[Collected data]
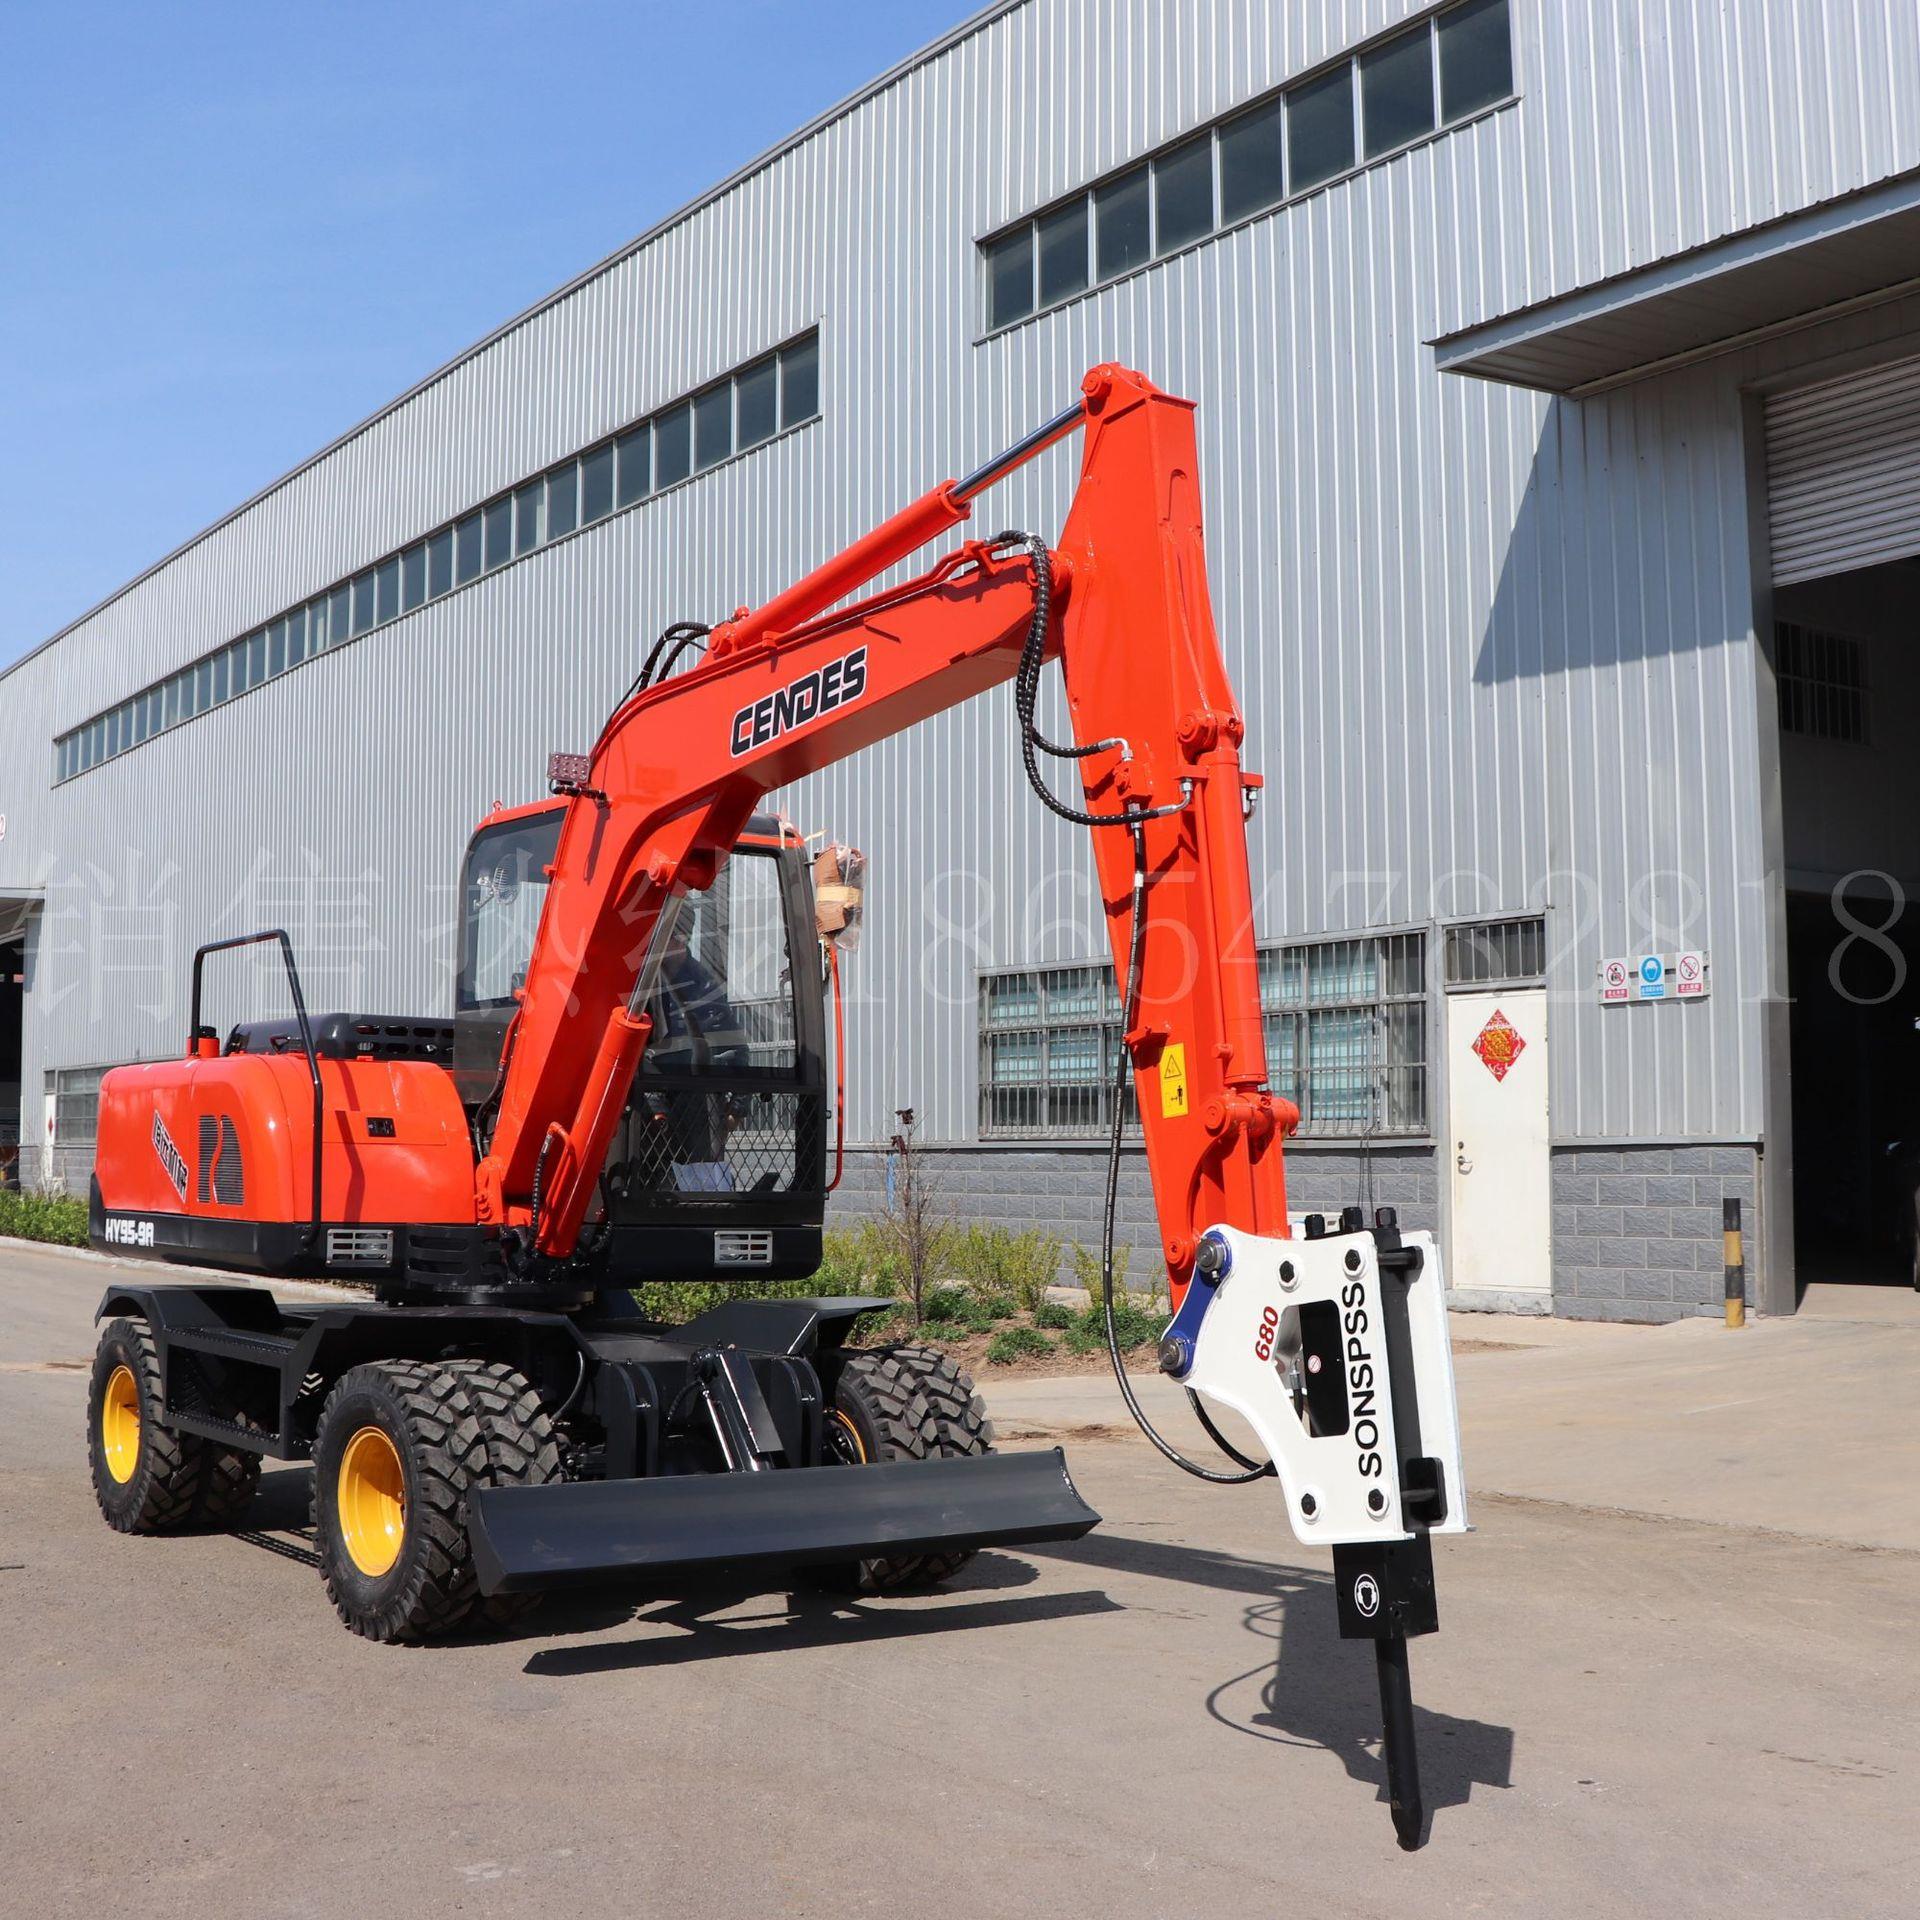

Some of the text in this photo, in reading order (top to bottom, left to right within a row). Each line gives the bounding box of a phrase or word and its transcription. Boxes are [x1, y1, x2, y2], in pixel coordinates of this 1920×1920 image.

[731, 644, 868, 758] CENDES
[105, 1218, 155, 1247] HY95-9A
[1255, 1305, 1280, 1363] 680
[1342, 1281, 1383, 1478] SONSPSS

▶ _REQUIREMENT_
When you copy the data, keep every line exact and leave out each picture.

▶ _RESULT OF THE TASK_
Some of the text in this photo, in reading order (top to bottom, left to right within a row). Each line gives the bounding box of a phrase or word and its transcription. Boxes are [x1, y1, x2, y2], in pixel coordinates of this 1920×1920 image.

[731, 644, 868, 758] CENDES
[105, 1218, 155, 1247] HY95-9A
[1255, 1305, 1280, 1363] 680
[1342, 1281, 1383, 1478] SONSPSS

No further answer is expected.